Conto - O segredo da Caixa

Conto de minha autoria devidamente registrado.

 
Foto By Regys Só para ilustrar o tópico
Estava um frio de lascar naquela manhã. Todos dentro de casa estavam encolhidos nas suas camas cobertos até os dentes com mantas e cobertores. Todos menos Marcos. Estar frio não era motivo para impedir que Marcos estivesse perambulando sem sapatos pela sala enrolado em seu cobertor. Ele era tão pequeno e magro que certamente teria passado desapercebido se não fosse a cor vermelho fogo de seus cabelos e a pele tão branca que mais parecia um fantasma saído de um conto de terror. Era muito parecido com a mãe, muito mais do que com o pai, deste somente herdara o nariz com uma ponta tão gordinha que mais parecia uma cereja quando ficava vermelha como nesta manhã.

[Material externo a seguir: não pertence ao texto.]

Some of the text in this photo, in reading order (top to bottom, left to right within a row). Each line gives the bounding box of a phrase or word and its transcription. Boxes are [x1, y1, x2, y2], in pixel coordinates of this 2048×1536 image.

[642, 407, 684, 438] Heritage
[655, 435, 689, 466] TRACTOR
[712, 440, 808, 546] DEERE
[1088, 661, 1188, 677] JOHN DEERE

Andava pela sala quando algo chamou sua atenção. Pela janela era possível ver uma pickup estacionada em frente a garagem do vizinho que morava na casa do outro lado da rua. Uma casa antiga - bem mais antiga do que a que Marcos morava. Tinha uma varandinha entulhada de plantas ressecadas pelo frio, dois andares e um telhado que tinha uma chaminé que soltava uma fumaça branca que se misturava com a neblina fraquinha daquela manhã. Uma típica casa da serra.

Na pickup havia várias caixas de papelão enormes sendo levadas por dois homens para dentro da garagem. Não seria nada de anormal se não fosse a coisa que chamou a atenção de Marcos. Um homem beeeeeem pequeno, quase um anão estava parado ao lado da pickup e segurava uma caixa aparentemente de madeira recoberta de algum material que reluzia como se fosse uma concha. Era muito bonita e pequena. Que teria dentro dela? Não preciso nem dizer que aquilo foi o suficiente para fazer com que Marcos colasse o rosto no vidro para ver melhor e prestar a máxima atenção nos passos do homenzinho até que ele entrasse também na casa e desaparecesse de vez.

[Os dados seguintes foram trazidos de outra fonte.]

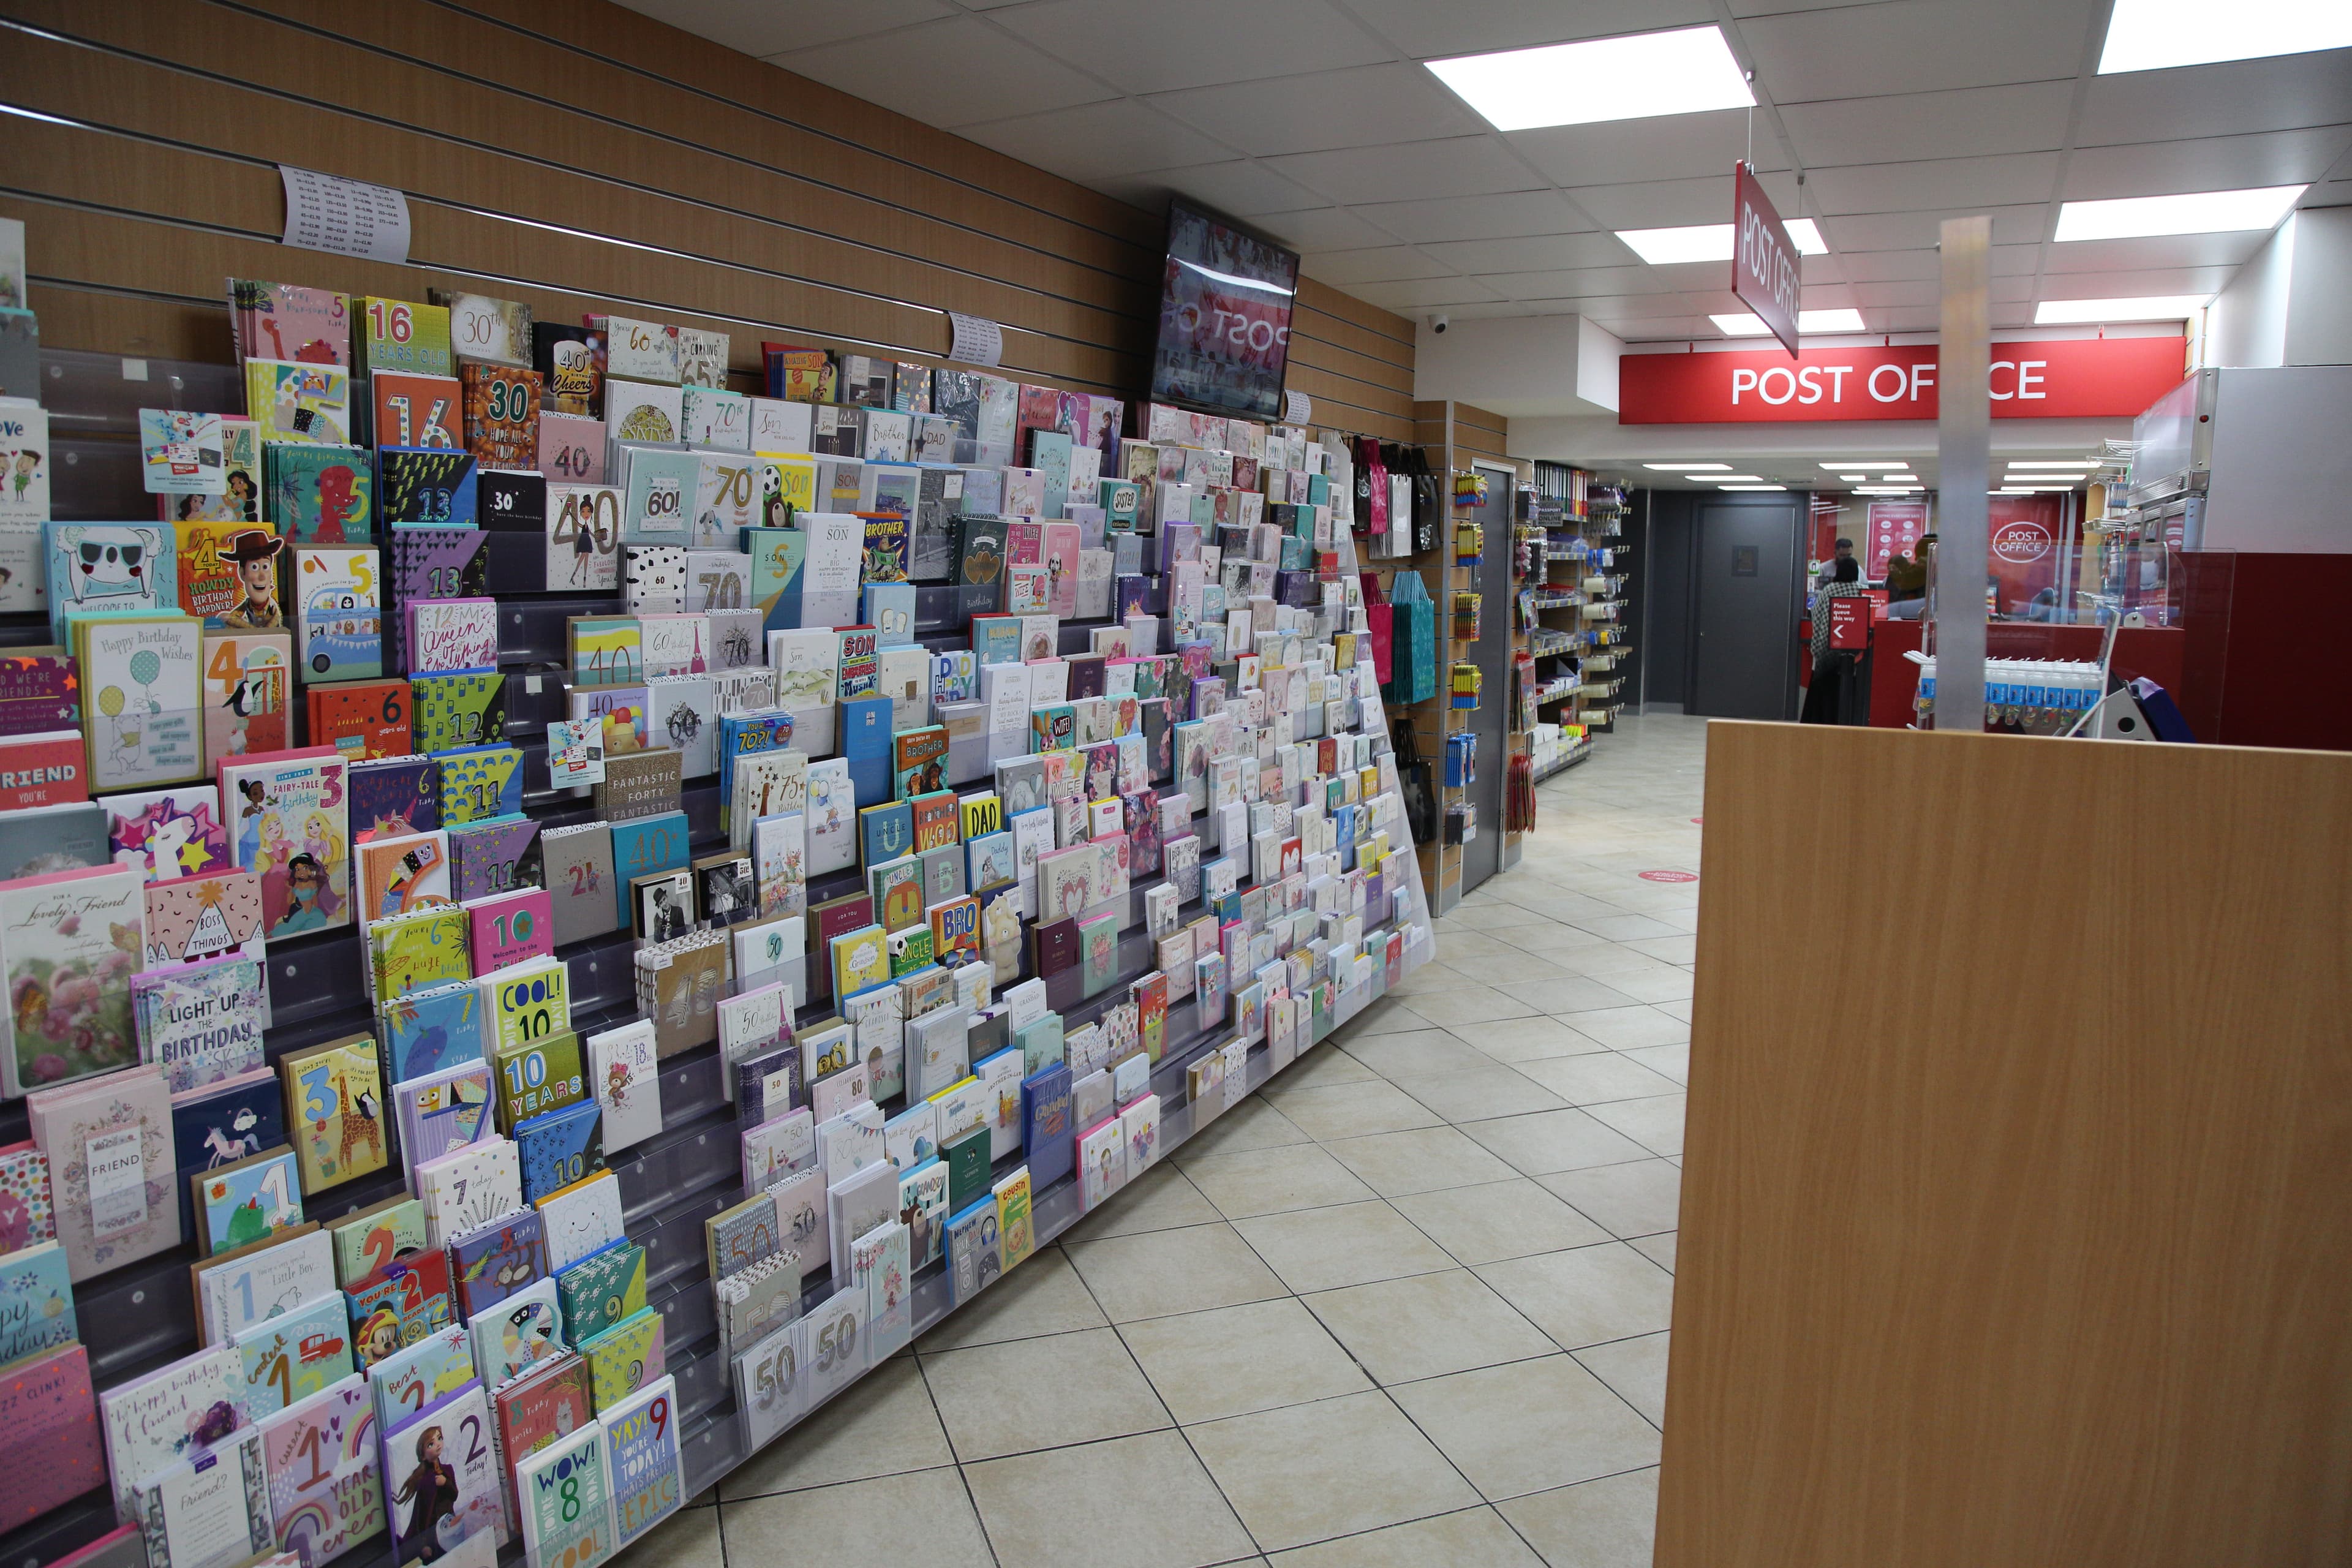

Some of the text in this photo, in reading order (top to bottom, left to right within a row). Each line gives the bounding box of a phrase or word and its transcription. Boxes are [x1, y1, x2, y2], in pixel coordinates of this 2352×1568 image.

[1742, 200, 1801, 335] POST OFFICE
[331, 295, 345, 318] 5
[368, 300, 413, 344] 16
[629, 325, 654, 352] 60
[369, 342, 448, 366] YEARS OLD
[784, 353, 824, 369] AMAZING SON
[549, 374, 595, 397] Cheers
[1732, 360, 2047, 405] POST OFCE
[489, 380, 529, 424] 30
[386, 393, 454, 448] 16
[872, 423, 907, 442] Brother
[489, 426, 523, 444] HOPE ALL
[925, 432, 946, 446] DAD
[230, 429, 257, 469] 4
[494, 443, 515, 460] YOUR
[553, 445, 592, 478] 40
[712, 464, 754, 509] 70
[837, 472, 859, 488] SON
[418, 488, 453, 522] 13
[493, 491, 514, 511] 30
[647, 491, 681, 517] 60!
[1114, 492, 1136, 509] SISTER
[826, 528, 850, 541] SON
[865, 518, 905, 539] BROTHER
[2008, 531, 2040, 541] POST
[192, 538, 221, 577] 4
[764, 553, 786, 562] SON
[1999, 541, 2041, 552] OFFICE
[347, 553, 373, 595] 5
[429, 565, 464, 600] 13
[655, 576, 665, 585] 60
[191, 590, 234, 606] BIRTHDAY
[698, 571, 742, 612] 70
[967, 592, 993, 608] Birthday
[195, 600, 235, 616] PARDNER!
[101, 628, 182, 655] Happy Birthday
[161, 646, 194, 662] Wishes
[842, 633, 877, 657] SON,
[15, 671, 51, 684] WE'RE
[206, 639, 244, 696] 4
[588, 645, 633, 684] 40
[841, 661, 878, 681] EMBARRASS
[940, 655, 971, 679] DAD
[381, 689, 402, 724] 6
[589, 695, 613, 716] 40
[750, 687, 765, 705] 70
[379, 723, 407, 737] years old
[448, 710, 484, 744] 12
[1052, 714, 1071, 736] WIFE!
[737, 726, 771, 753] 70?!
[906, 740, 944, 758] BROTHER
[273, 778, 320, 794] FAIRY-TALE
[319, 763, 344, 809] 3
[418, 766, 429, 795] 6
[612, 771, 676, 790] FANTASTIC
[1050, 779, 1082, 801] WIFE
[18, 789, 48, 804] YOU'RE
[280, 790, 320, 812] birthday
[470, 778, 502, 816] 11
[628, 788, 665, 803] FORTY
[918, 802, 957, 825] BROTHER
[971, 803, 997, 837] DAD
[876, 823, 907, 837] UNCLE
[628, 827, 671, 872] 40
[990, 844, 1010, 857] Daddy
[486, 858, 517, 893] 11
[677, 875, 688, 887] 40
[888, 864, 914, 885] UNCLE
[72, 888, 134, 916] Friend
[199, 912, 222, 932] BOSS
[429, 918, 443, 946] 6
[492, 909, 535, 948] 10
[942, 902, 978, 942] BRO
[191, 933, 229, 951] THINGS
[492, 943, 538, 959] Welcome to the
[766, 938, 782, 956] 50
[899, 937, 931, 964] UNCLE
[851, 954, 876, 969] Grandson
[502, 973, 561, 1014] COOL!
[1018, 993, 1040, 1006] GRANDAD
[168, 991, 241, 1024] LIGHT UP
[458, 992, 475, 1023] 7
[197, 1018, 214, 1031] THE
[518, 1008, 551, 1042] 10
[161, 1022, 255, 1063] BIRTHDAY
[504, 1049, 548, 1095] 10
[771, 1079, 782, 1090] 50
[299, 1065, 339, 1123] 3
[510, 1075, 582, 1116] YEARS
[908, 1120, 935, 1141] Grandson
[91, 1153, 141, 1177] FRIEND
[551, 1150, 587, 1189] 10
[453, 1168, 500, 1206] 7 today!
[916, 1174, 948, 1199] GRANDSON
[1002, 1180, 1027, 1201] COUSIN
[501, 1227, 514, 1253] 8
[953, 1217, 978, 1240] NEPHEW
[731, 1223, 772, 1265] 50
[271, 1268, 296, 1286] Little
[232, 1270, 255, 1322] 1
[356, 1268, 422, 1314] YOU'RE 2
[603, 1292, 624, 1328] 9
[815, 1311, 857, 1375] 50
[388, 1363, 419, 1396] Best
[624, 1359, 644, 1395] 9
[755, 1343, 796, 1411] 50
[508, 1399, 526, 1428] 8
[611, 1396, 668, 1451] YAY! 9
[458, 1414, 488, 1467] 2
[620, 1433, 650, 1460] YOU'RE
[296, 1425, 332, 1493] 1
[464, 1454, 489, 1478] Today!
[537, 1439, 595, 1493] WOW!
[621, 1441, 666, 1482] TODAY!
[330, 1463, 375, 1499] YEAR
[587, 1461, 598, 1510] TODAY!
[617, 1460, 673, 1501] THAT'S PRETTY
[339, 1487, 375, 1521] OLD
[560, 1476, 581, 1523] 8
[624, 1475, 674, 1528] EPIC
[543, 1496, 556, 1532] YOU'RE
[568, 1503, 609, 1533] TOTALLY
[322, 1506, 382, 1555] ever

O resto das coisas da pickup foram devidamente descarregadas e a pickup foi embora deixando o homenzinho e a caixa. E com isso, Marcos já tinha babado todo o vidro pelo lado de dentro de tanta curiosidade.

Nada mais aconteceu durante quase meia hora, até que o homenzinho saiu calmamente da casa, atravessou a rua e olhou diretamente para Marcos que continuava olhando pela janela. Ainda deu uma piscadela para o garoto e sorrindo foi-se embora rua abaixo, deixando o Marcos com os cabelos em pé. Certamente, sua indiscrição fora percebida. E detalhe, o homenzinho se foi e deixou a caixa.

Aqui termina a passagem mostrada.